Actor Mike Godson wrote an open letter to the Vice President of Nigeria, Prof, Yemi Osinbajo to inform him that there’s hunger in the land and he has been affected by it.
The Nollywood actor said he is down to his last post of soup and there’s no hope for another as he can’t work at the moment due to the Coronavirus lockdown in Nigeria.
He added that he can’t go out to look for food, for fear of being arrested by the task force.
He wrote: “Your exellency the vice president federal republic of NIGERIA.
“Dear sir, My name is “Mike Godson” I’m a Nigerian Actor with the Nigerian film industry.
“Sir, We have been instructed by the federal and state government to strictly avoid social gatherings and stay in our various houses, due to the spread of the virus. I must commend the federal and state government levels for the aggressive measures put in place to ensure the country’s safety. But sir, the hunger in the land has finally reached my house.
“As I write this letter, I have just finished eating my last pot of soup and there’s no hope for another one as my source of income has been put on hold until further notice.
“Your exellency sir, i have no more money to feed. If you were in Lagos, I would have walked straight to your house and ask for food because I stay in the same estate with you.
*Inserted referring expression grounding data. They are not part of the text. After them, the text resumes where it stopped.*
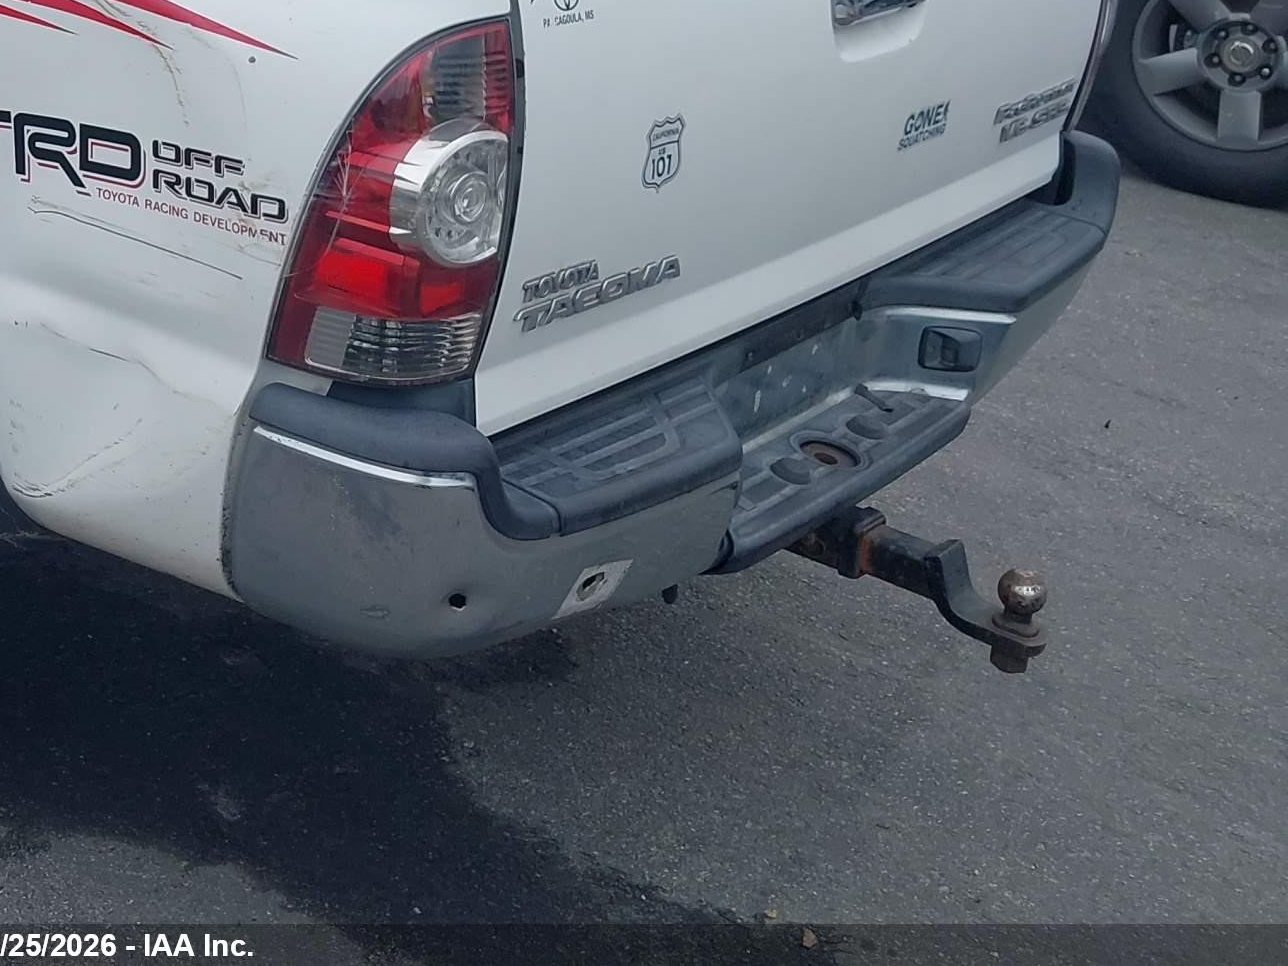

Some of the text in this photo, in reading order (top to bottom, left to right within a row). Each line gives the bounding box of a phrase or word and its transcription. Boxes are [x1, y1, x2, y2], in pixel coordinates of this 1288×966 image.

[903, 99, 947, 136] GONE
[151, 139, 245, 177] OFF
[652, 153, 672, 179] 101
[96, 187, 287, 246] TOYOTA RACING DEVELOPMENT
[152, 168, 289, 224] ROAD
[513, 254, 680, 332] TACOMA
[522, 259, 599, 303] TOYOTA
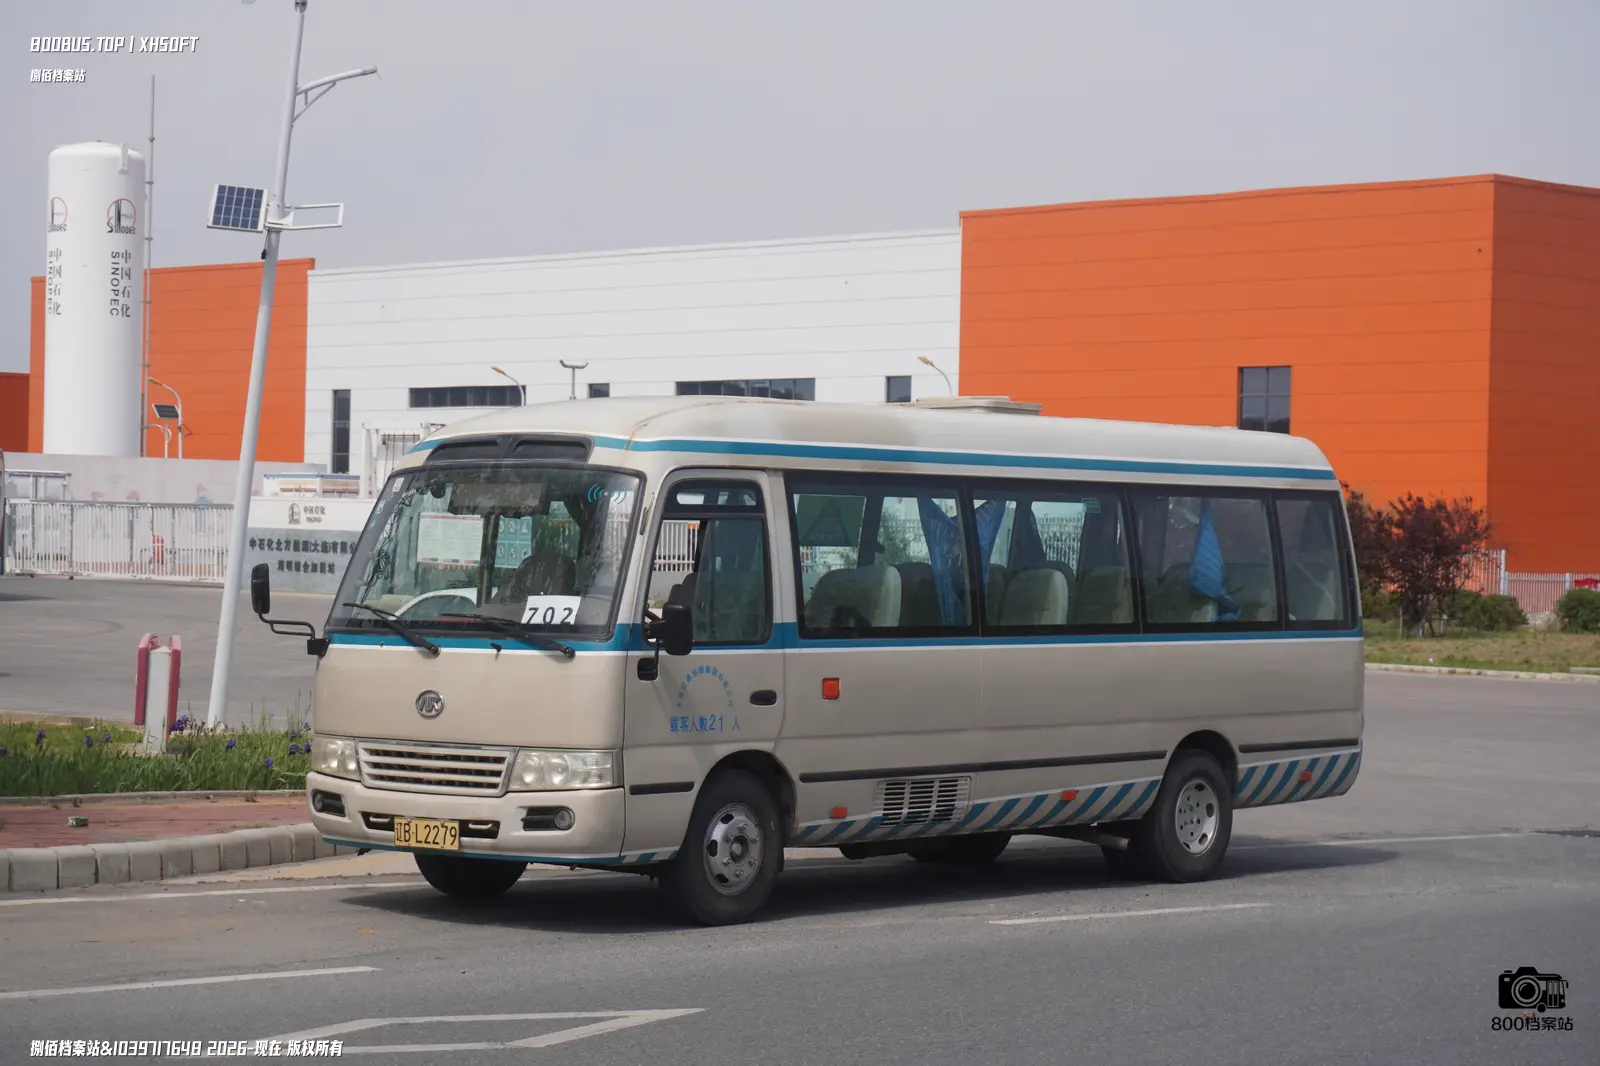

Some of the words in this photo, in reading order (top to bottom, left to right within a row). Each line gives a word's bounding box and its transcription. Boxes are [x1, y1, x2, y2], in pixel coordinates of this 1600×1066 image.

[110, 251, 120, 316] SINOPEC
[121, 249, 131, 318] 中国石化
[525, 606, 574, 625] 702
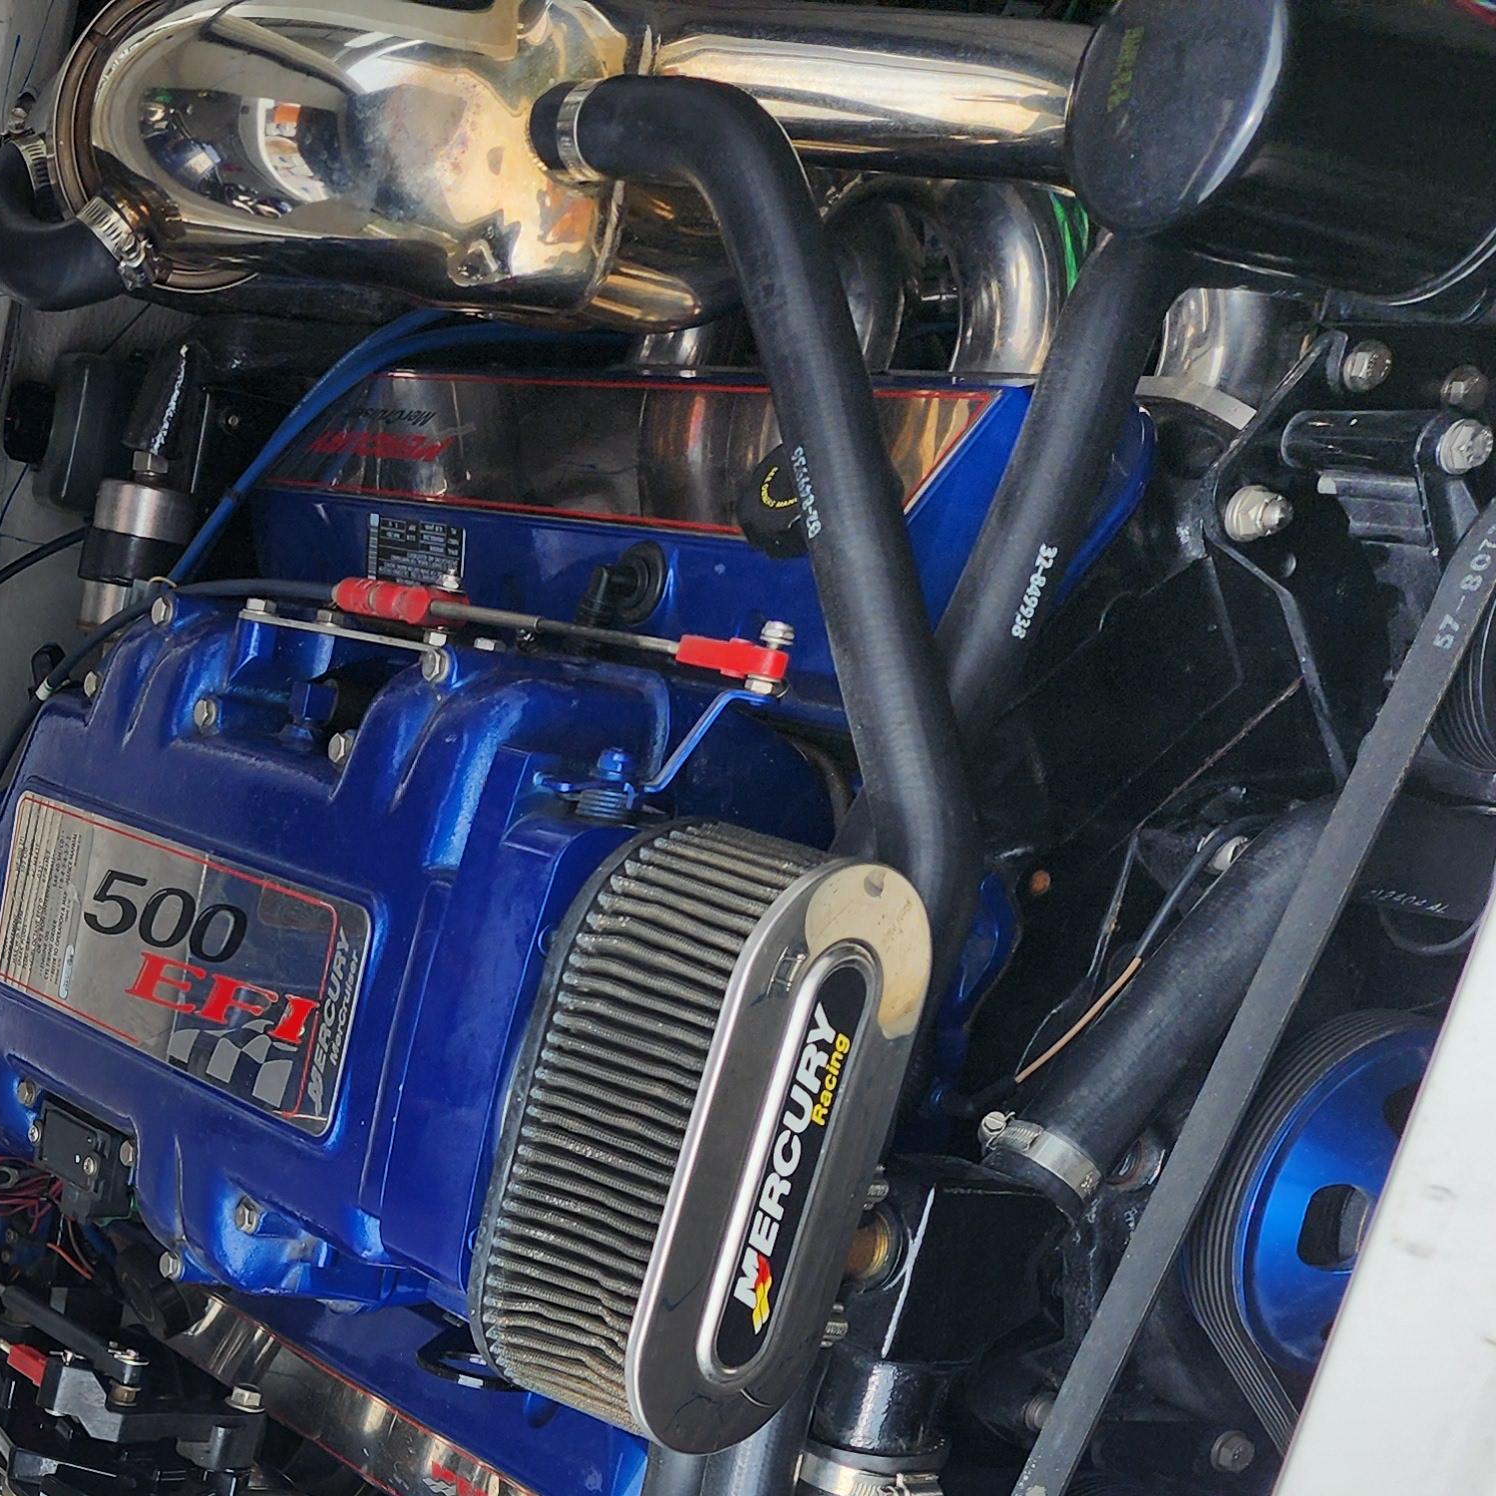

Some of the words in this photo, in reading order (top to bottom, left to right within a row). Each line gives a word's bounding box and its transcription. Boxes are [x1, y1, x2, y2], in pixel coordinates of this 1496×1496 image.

[83, 868, 248, 964] 500
[124, 949, 321, 1047] EFI
[306, 926, 350, 1115] MERCURY
[327, 947, 362, 1069] MerCruiser
[811, 1031, 851, 1128] Racing
[733, 1001, 839, 1332] MERCURY
“I know I will be arrested by those mobile police officers in thier hundreds, assigned to your residence after I must have shouted your name 3 times. But sir, as long as I see you and ask for food to eat, I don’t mind being purnished for hunger at this point.
“Finally sir, I just want to know if the relief packages sent out in envelopes by the federal government will reach this side of Lagos, because your exellency sir, The Hunger on the way will be more than corona virus O! Please help O! Thank you Sir. @profosinbajo Yours sincerely!”
He added in another post: “For those that reached out to offer me a new pot of soup, thanks alot. But my post was for the vice president and not for you. I was asking for my own share of the 15billion sent out to Nigerians to help keep them at home.